No tuna DNA found in Subway tuna subs, according to the New York Times

The basic evidence should be easy. Subway either can or cannot produce invoices showing the amount of tuna they bought and from whom they bought it and that facility can show evidence of whatever fishy thing they do produce.

This just isn’t that hard to solve. Subway knows how much tuna it sold and it won’t be hard to equate purchases with amount sold to a reasonable degree.

2 Likes

Given that the crux of the article is “this ain’t tuna” I think the picture choice was deliberate.

4 Likes

My first thought exactly. I am no DNA analyst, but at the temps typical of pressure canning a low acid food (like, oh, maybe tuna?) I would think the DNA would denature to a point of being pretty much unidentifiable. But somebody will make money on this.

3 Likes

I would hope there’s no bacterial DNA left in there either

1 Like

I assume they don’t use real mayo, otherwise, chicken DNA?

But here’s the real story:

when Inside Edition sent samples from three Subway locations in Queens out for testing earlier this year, the lab found that the specimens were, indeed, tuna

Undercooked Tuna in Subway Tuna Sandwiches

3 Likes

Thanks for pointing out that easter egg; I missed it. The blue walleye is known for dubious arguments over whether it is a separate species being settled with DNA testing

definitely

2 Likes

If memory serves the suit started from the same “we mailed a sandwich away” sort of DNA test that found no results.

From the sounds of it Subway did present those exact records. The plaintiff responded by altering the claim to it bot being 100% the advertised species.

Still based on the same results free test.

2 Likes

Most commercial mayo uses pasteurized eggs, which also won’t have much DNA left.

4 Likes

I mean, what does 100% Tuna mean anyway? The other ingredients obviously aren’t tuna. The sandwich is made from 100% tuna, with added lettuce, bread, walleye, dolphin, mayo, cardboard, onions…

1 Like

Best part of the article:

“I dealt with the tuna all the time,” Jen said. “The ingredients are right on the package and tuna is a relatively cheap meat. There would be no point to making replacement tuna to make it cheaper.”
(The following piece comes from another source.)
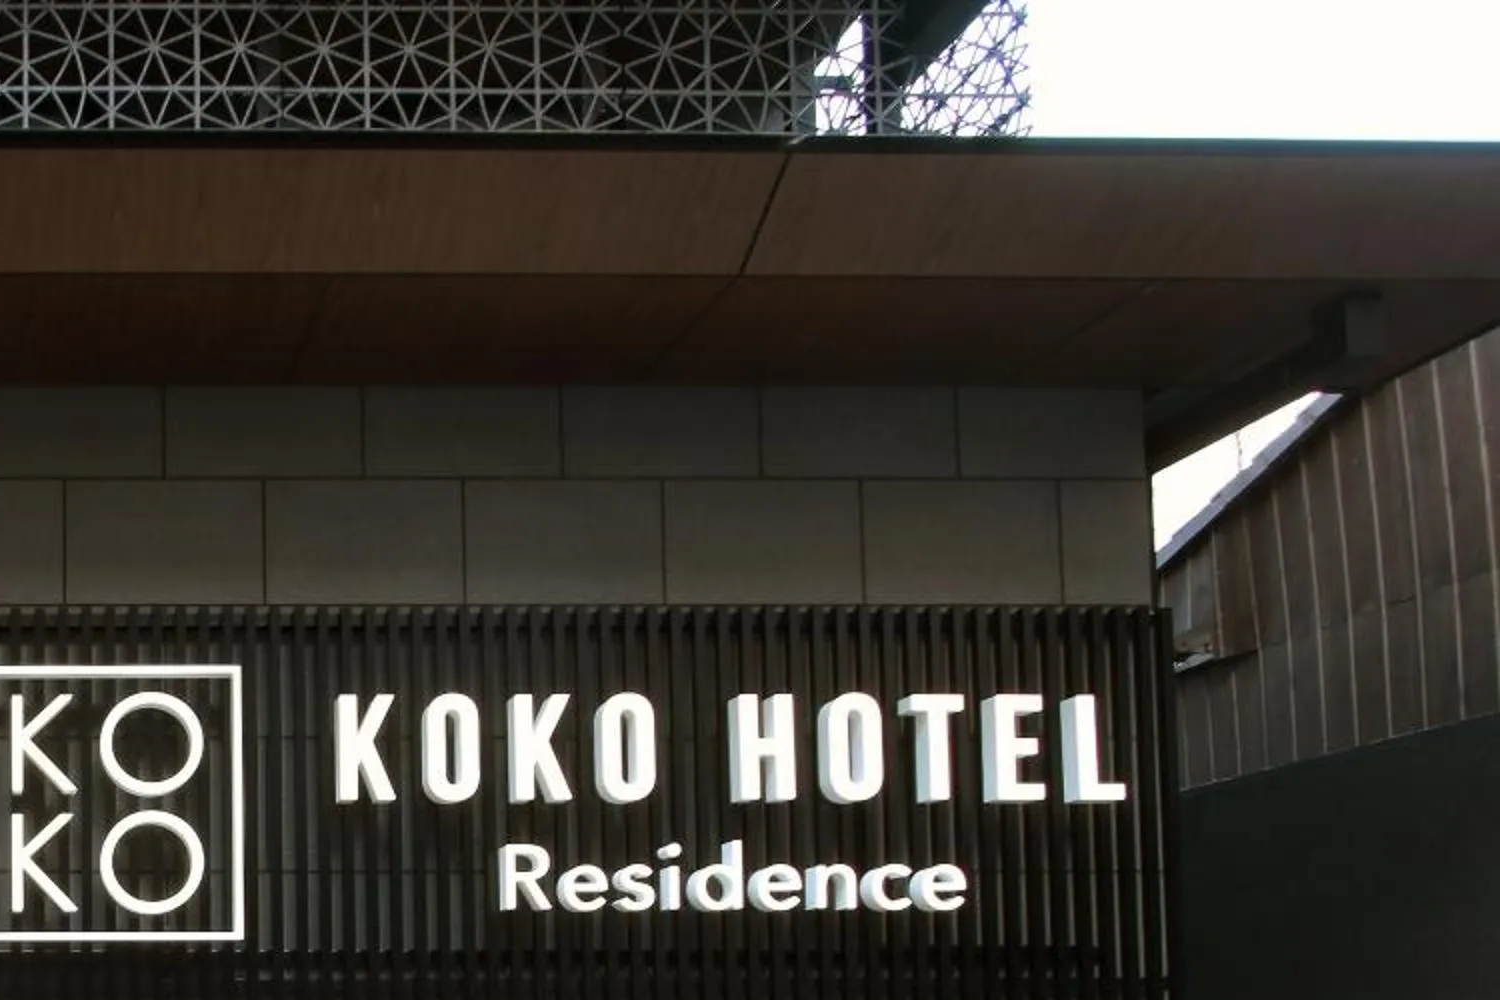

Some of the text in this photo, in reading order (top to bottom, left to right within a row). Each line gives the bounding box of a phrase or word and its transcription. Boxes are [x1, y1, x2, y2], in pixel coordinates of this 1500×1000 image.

[11, 692, 204, 797] KO
[334, 692, 1126, 804] KOKO HOTEL
[11, 810, 204, 915] KO
[498, 840, 967, 912] Residence
And as an occasional consumer of Subway’s tuna, Jen said she’s confident it’s fish.

“I personally have a really weak stomach to fish, which is how we know the tuna is real,” she said. “Last time I ate it, I puked my guts out.”

3 Likes

Probably discussed in one of the DNA analysts’ journals.

like this one:

3 Likes

Interesting. Odds these guys used cutting edge analytic technique? Did not see anything about this being commercially available.

The paper’s more than 15 years old. Not so cutting edge anymore.

From the Times article:

Eventually, I found myself on the phone with a spokesman for a lab that specializes in fish testing. He agreed to test the tuna but asked that the lab not be named in this article, as he did not want to jeopardize any opportunities to work directly with America’s largest sandwich chain.

Perhaps similar concerns have impeded the growth of the publically available scientific literature.

3 Likes

Interesting. The paper shows that the preparation of canned tuna breaks its DNA into segments of about 200 base pairs or less (living tuna have 24 chromosomes of several million base pairs each, for a total genome size of nearly 800 Mbp). The DNA is identified with the help of PCR - the basic method used everywhere in genetics, and the innovation that makes it work on cooked tuna is the use of several sets of nested primers which allow the chain reaction to amplify the target sequence which may be present in the sample at various degrees of degradation. It’s not rocket science, but it does demonstrate that getting a useful DNA identification from cooked food requires extra work compared to the basic procedure for fresh samples.

Which probably explains the results discussed in the NYT article. It references an earlier test by Inside Edition where Subway tuna samples were sent to a lab called Applied Food Technologies, which apparently specializes in testing food, probably involving the methods from that paper, and it did positively confirm that the samples were tuna. The NYT sent samples to an anonymous lab which is described as “a lab that specializes in fish testing”, and also that “the lab was already wary about the challenges of identifying a fish that’s been cooked at least once, mixed with mayo, frozen and shipped across the country”, which seems to suggest that they normally only work with fresh samples and perhaps did not modify their methodology for this test. And as the paper shows, the basic test that works on fresh samples will fail on cooked ones.

4 Likes

This topic was automatically closed after 5 days. New replies are no longer allowed.